If you read my post from last week, you'll know that my dad wrote an entry about the early days of PKU management. He mentions that during that time, my mum and dad had only been parents for a month and a half, and they had to go through a whole lot.


I don't know about you but I felt a multitude of emotions reading it including sadness, pain, hope, guilt, empathy, and joy. So here's my response!


If you're a new parent of a child with PKU, I want you to know one thing: I don't remember anything from that last post. I don't remember getting blood tests at the hospital, having to drive down once a week and spend time surrounded by nurses getting needles in my arm. I don't remember not being able to eat and being admitted to the hospital and I don't remember refusing my formula so much that I had to almost get a tube in my stomach to get my nutrients.


Of course I remember things from when I was a bit older, like trips to the blood lab and all the other psychological, neurological, physical, mental tests I had to do. But don't feel bad about forcing your child to eat when they don't want to or for taking them to hospital once a week to get lots of tests done. My parents are awesome and made it as bearable as it could be, but I honestly don't remember any of that stuff. What I do know that I can look back on now, is how much my parents loved me and how much they sacrificed to make me healthy.


Once I got a little bit older, we tried the lab thing again, and I found a lab that I was with for at least 7 years. They loved me in there and they were just as friendly as the hospital staff was that my dad was talking about in the last post (I think. I don't remember the hospital staff). I would waltz in like I owned the place, sat in my chair, held my cotton ball on my owie like a champ, and let myself in the backroom to get myself a sticker on the way out. It wasn't a disease to me, it was a routine; I got a sticker and I got to be late to school. Bonus!


My doctors wanted me to try doing finger pokes so that I could draw blood onto four circles at home and mail it in to the hospital, but for some reason my fingers never wanted to let go of my blood.
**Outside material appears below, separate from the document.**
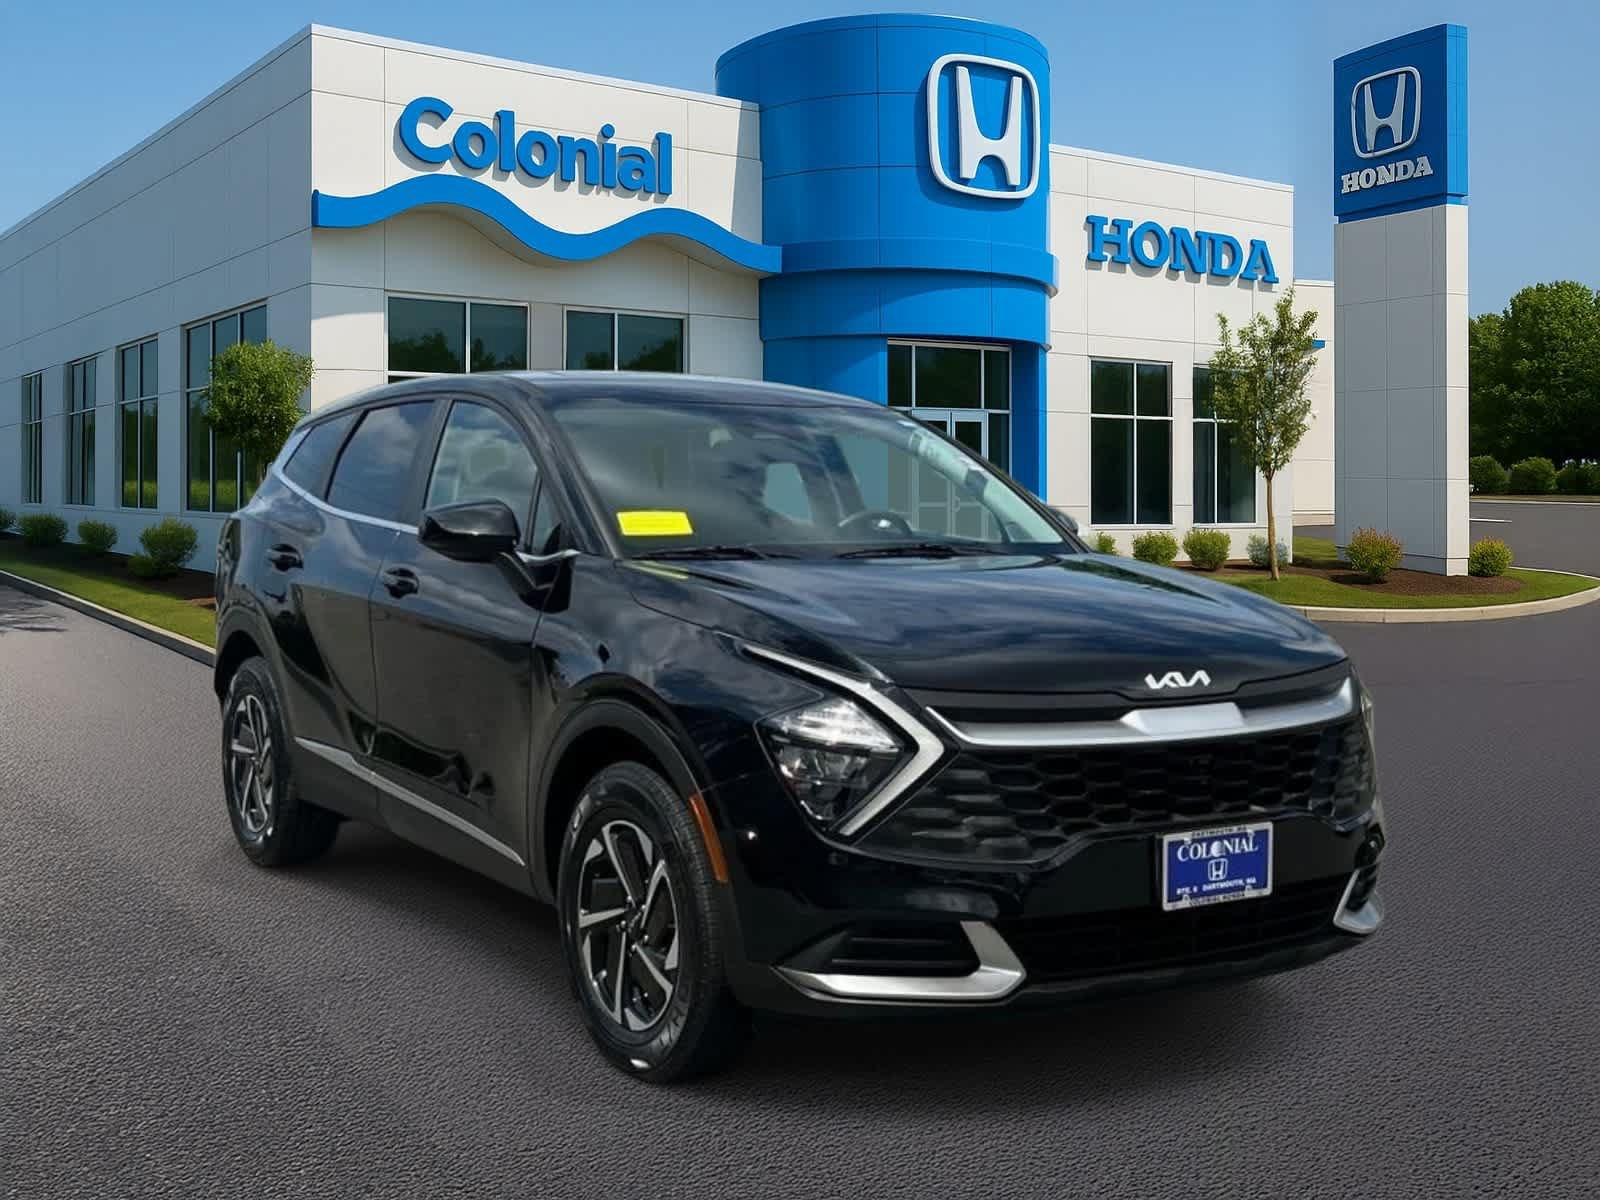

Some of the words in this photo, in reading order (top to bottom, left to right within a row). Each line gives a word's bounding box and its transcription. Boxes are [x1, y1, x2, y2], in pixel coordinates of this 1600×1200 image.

We tried different needles, different needle depths (ew), jumping up and down, running my hand under warm water, standing on my head, everything! Finally when I got to high school, I couldn't be late to school anymore and we had to do something. I talked to my dietician and she suggested I try these small lancets that slice your finger instead of pricking it (also ew), but it actually worked way better. Since high school, I have been doing at home finger pokes with slicey needles instead of pokey needles and I mail in my blood and get results emailed to me within the week. I do this once a month...OKAY FINE. I SHOULD do them once a month.


Do I get jealous when I see diabetes commercials about instantly checking blood sugar levels? Yes. What a weird thing to be jealous about right? I feel like I would be able to keep on track with my diet so much easier if I could check in on myself with an instant blood read or a scan of my arm, kind of like a mid day and end of day cash out (customer service jokes).


Although that would be easier, I'm thankful for what I have. But this is why this blog happened! To raise awareness, and comfort families going through similar situations. We will be seen, we will be heard, we will be known, but we need your help. Don't give up, and know that your child will remember the love you show them more than any amount of testing and force feeding they have to go through.